The film begins on a stage as, Camille, an actress (Jeanne Balibar) talks to an empty crowd about her anxieties. She feels afraid of the world, and lacks will to go on. Soon, we find that the reason is her disenchantment with her current lover/director, Ugo. We find that she has returned to Paris, her home, for the first time in three years, and has left behind an ex named Pierre (who is still humorously working on the same thesis three years later). Pierre is currently married to Sonia, a dance instructor, that is being courted by Arthur, the half-brother of Do, a student whom happens to be helping Ugo search for a lost manuscript. There is a great deal of interplay in the film between the characters before we discover their relationships to each other, and that is the film's most tedious aspect. There is a willing suspension of disbelief required to accept that these relationships all flow into each other the way that they do, and the film takes its time in establishing them.

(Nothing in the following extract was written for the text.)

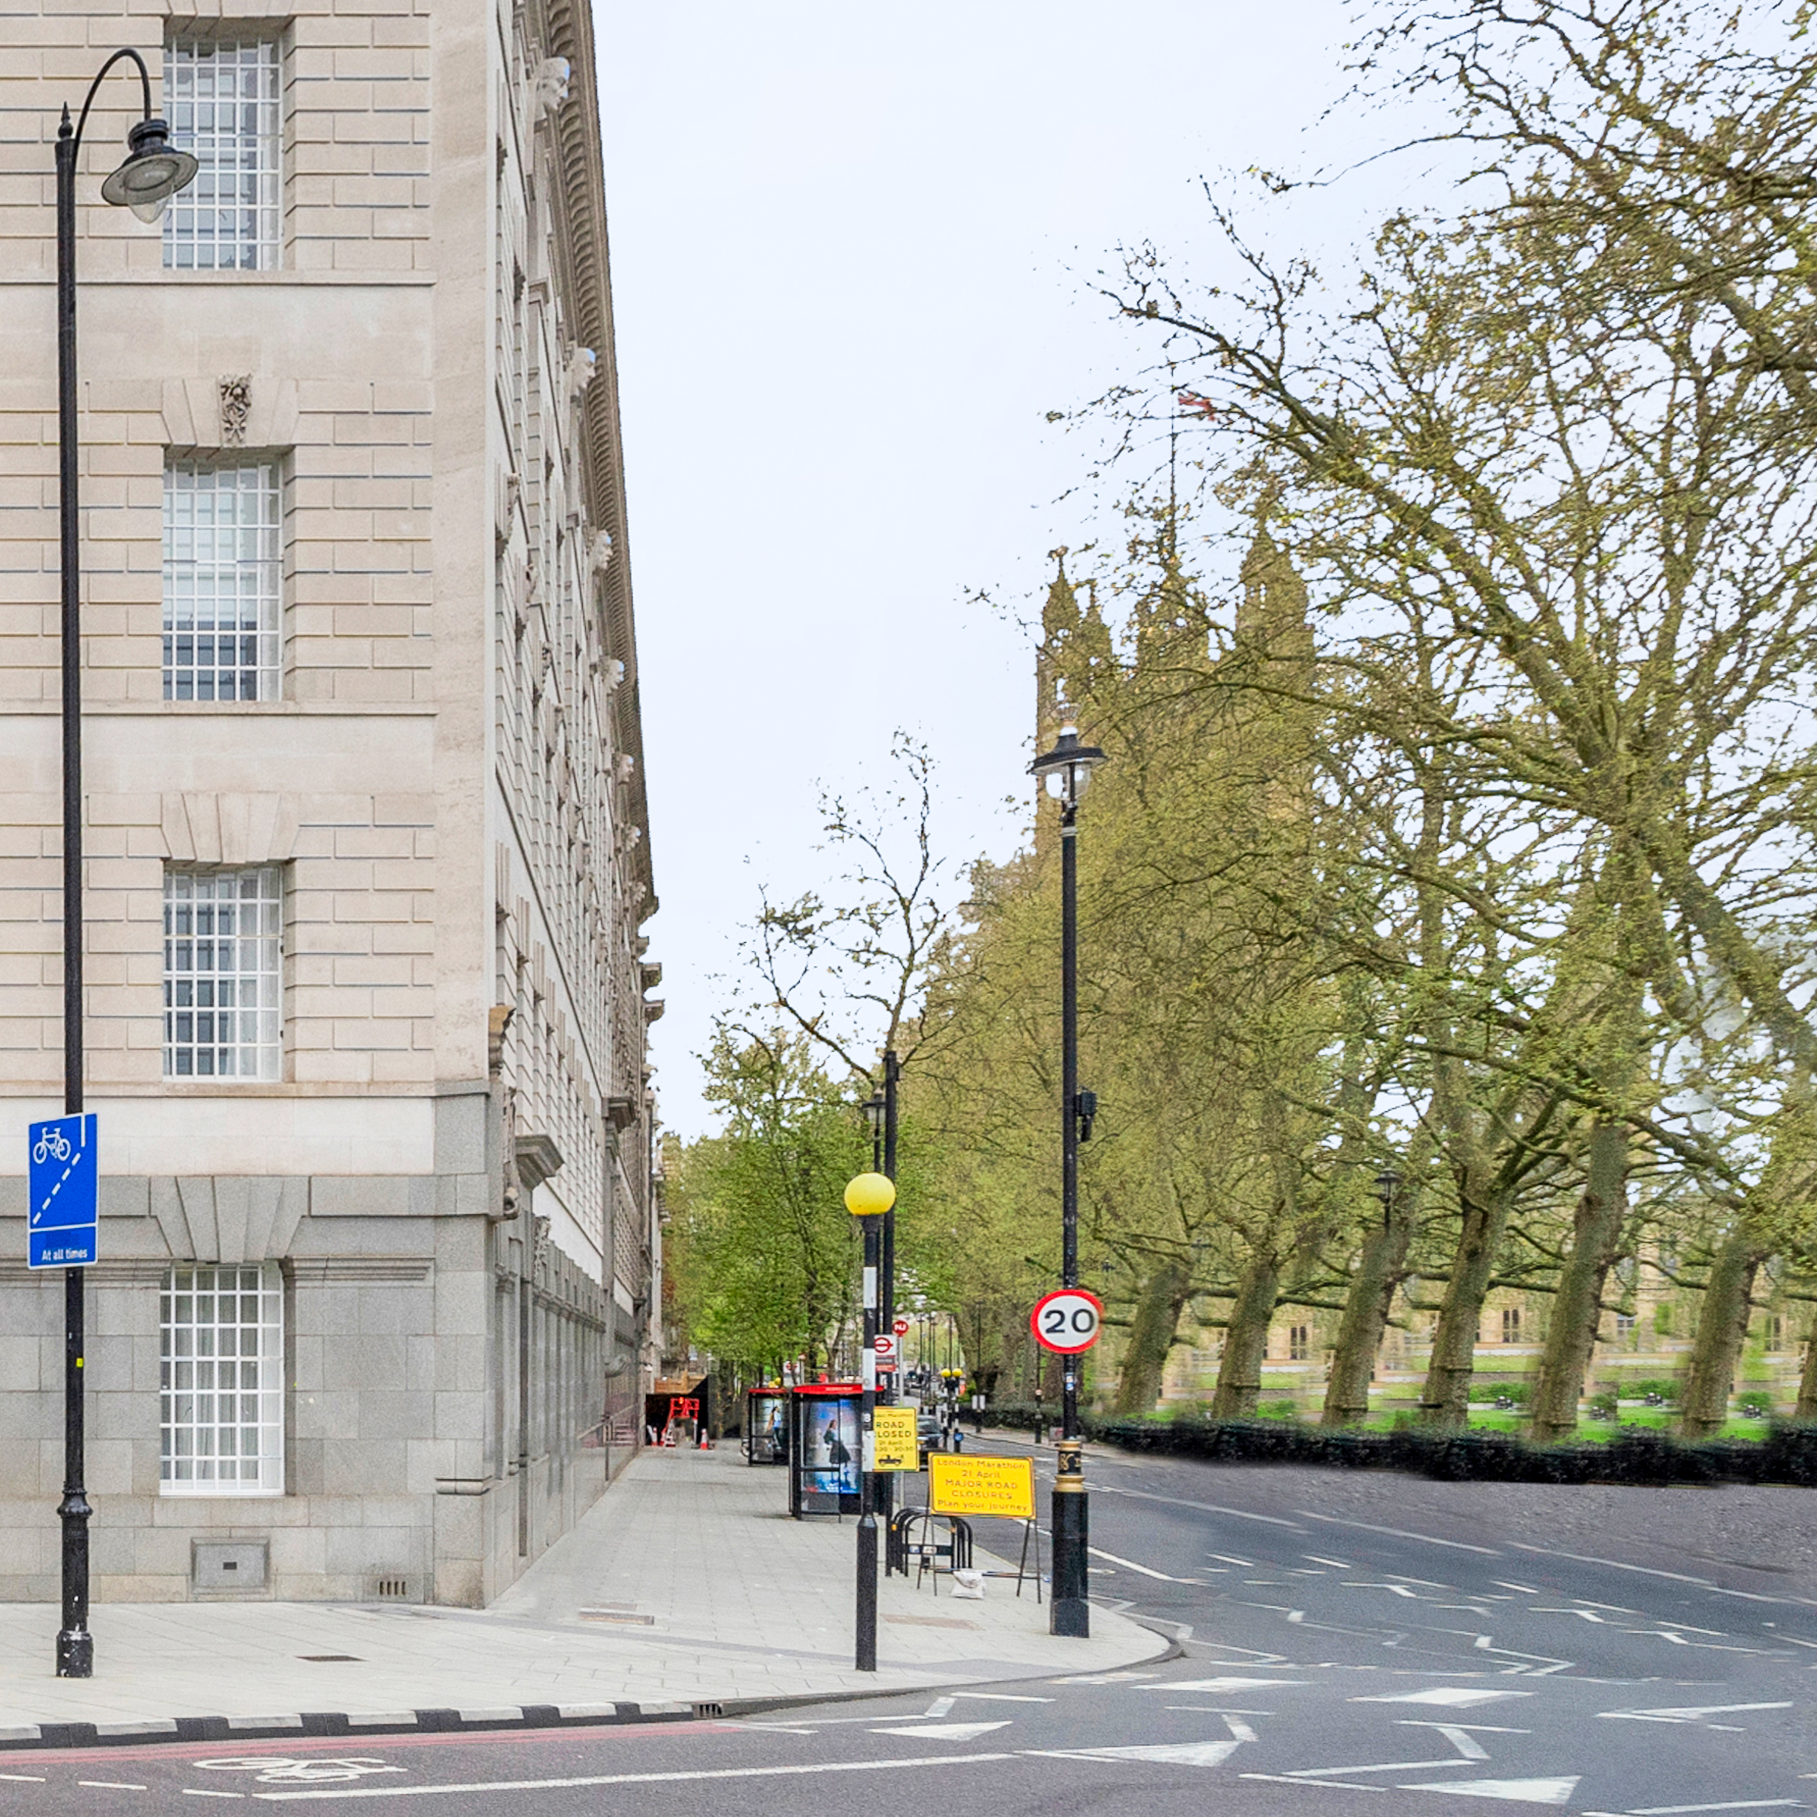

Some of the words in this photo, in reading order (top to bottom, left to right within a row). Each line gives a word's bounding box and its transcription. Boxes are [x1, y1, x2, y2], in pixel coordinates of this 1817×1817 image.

Once it does establish who is who, however, the film absolutely takes off. The film is a comedy, but rarely relies on outright gags for laughs. The majority of the humor lies in the shifting motivations of the characters. For example, in one early scene, Camille, who feels embarrassed for the way her partner Ugo acted during the previous night's dinner, goes to apologize to her hostess, Sonia. Sonia, however, due to her own marital difficulties, naturally assumes that Camille has come to apologize for the behavior of her husband, Pierre. When Camille begins to apologize, Sonia starts making excuses for Pierre's actions (which actually left Camille once again enamored with him). Camille decides to alter her strategy here though, so she can better make a play at Pierre. The subtleties of the contradictions in their actions are what we derive our pleasure from. This might sound terribly convoluted, but on screen it plays out simply and humorously.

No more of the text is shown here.